The NJT (Fig. 2) based on Nei’s genetic distance clustered the Chinese populations into 4 major groups, consistent with the results of both the Bayesian analysis and AMOVA. The populations from the Southeast tea production area were divided into two groups. The populations from the Jiangnan and South China tea production areas were clustered into one group. Nei’s genetic distances between Chinese populations and the Kagoshima population were 0.119–0.255 (Supplementary Table S2).

Figure 2
figure 2

Neighbor-joining tree based on Nei’s genetic distances for 20 populations of E. (M.) onukii with allelic frequencies obtained from 18 microsatellite markers. Numbers on nodes represent bootstrap support values (values below 50% not shown). The colors indicate the major clusters inferred by Structure analysis when K = 4.

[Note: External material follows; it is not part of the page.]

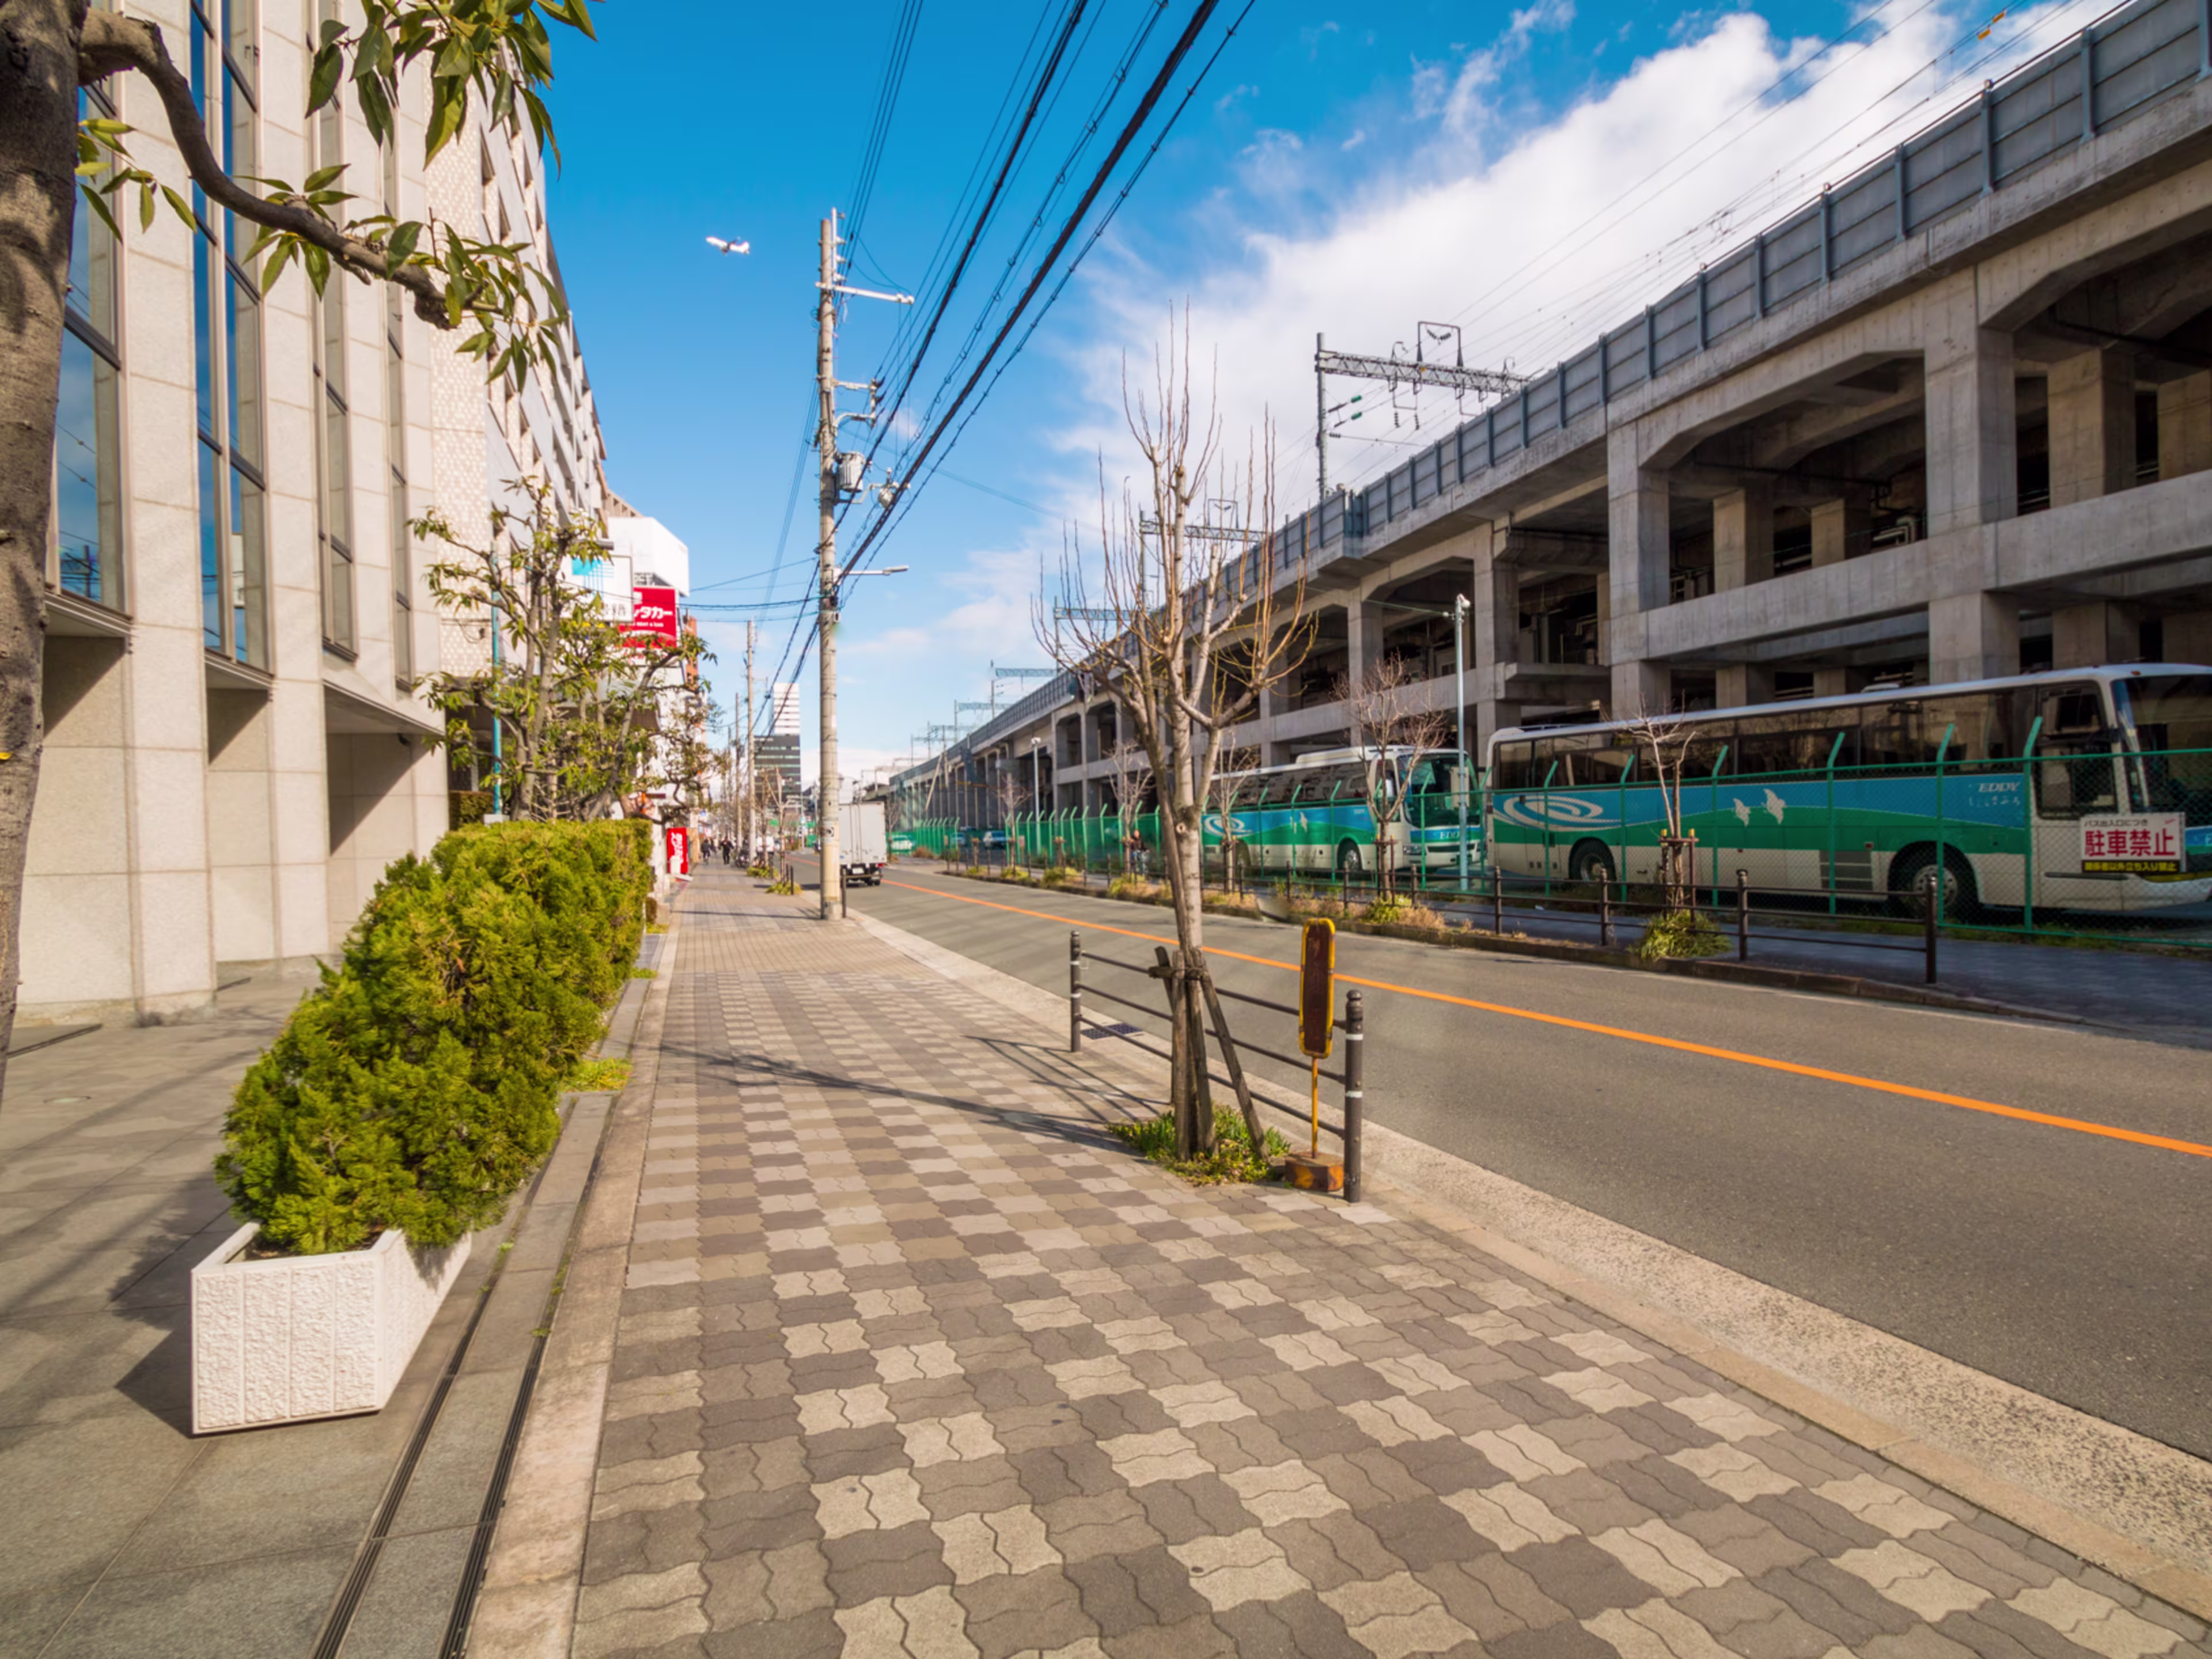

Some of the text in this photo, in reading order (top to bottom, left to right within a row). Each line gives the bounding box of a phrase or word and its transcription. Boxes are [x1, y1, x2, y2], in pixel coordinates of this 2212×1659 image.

[1978, 782, 2021, 793] EDDY
[2084, 819, 2148, 827] バス出入口につき
[2084, 828, 2176, 857] 駐車禁止

Similar results were obtained in PCoA for these populations, as shown in Fig. 3. The mean factor scores for the 20 populations are shown in the first two principal component axes, which account for 33.54% and 14.76% of the total variance. The CX population is clearly distant from the PE population. This analysis shows conspicuous divergence of populations in the Jiangnan and South China tea production areas from the other populations.

Figure 3
figure 3

PCoA at population level generated from 18 microsatellite markers in 20 populations in China and Japan. The first two principle component factors, PC1 and PC2, account for 33.54% and 14.76% of total variance. Colors are coded as in Fig. 2.

Analyses of microsatellite data consistently indicate that Chinese E. (M.) onukii populations have differentiated into four groups: the Jiangbei group (purple populations), the Southwest group 1 (blue populations), the Southwest group 2 (orange populations) and the South China group (yellow populations) (Fig. 2).

Isolation by distance

Mantel tests of genetic and geographical distances over all populations revealed that there was a significant correlation between these two variables (RXY = 0.549, R2 = 0.301, P = 0.000, Supplementary Fig. S1a). However, it was not significant when only the Jiangbei populations (RXY = 0.495, R2 = 0.245, P = 0.318) and Southwest populations (RXY = 0.609, R2 = 0.371, P = 0.062) were analyzed. There was a significant correlation when the South China group (including Jiangnan and South China populations) (RXY = 0.539, R2 = 0.291, P = 0.0001, Supplementary Fig. S1b) was analyzed.

Bottleneck analysis

Significant heterozygosity excess was detected in 4 of 20 populations (HS, YT, GL, FZ) under the SMM model. The TPM model revealed significant evidence of heterozygosity excess (P < 0.05) in XY, South China and most of the Jiangnan populations except for the CD (P = 0.054) and JH (P = 0.142) populations, which may indicate a recent genetic bottleneck40 in these populations. In contrast, most of the Jiangbei, Southwest and Kagoshima populations show significant heterozygosity deficiency, indicating that these populations have been expanding40.

Discussion

Our analysis of microsatellite data reveals that genetic differentiation of E. (M.) onukii within a particular region is mainly reflected in the differences among individuals within a population. This is consistent with previous results from AMOVA based on mtDNA COI and 16S rRNA21,22,23,24,25. Analysis of microsatellite markers detected low to moderate levels of genetic differentiation among populations within the main tea growing regions of China, and much more genetic variation within populations (95.43%) than among populations (2.18%). This suggests substantial amounts of gene flow and a more homogeneous gene pool across different geographical populations. Measured genetic and geographical distances are correlated. Within a population, genetic mutation and drift are expected to yield genetic differentiation among individuals, whereas geographic isolation (such as geographic distance and geographic barriers) mainly influences genetic differentiation between populations.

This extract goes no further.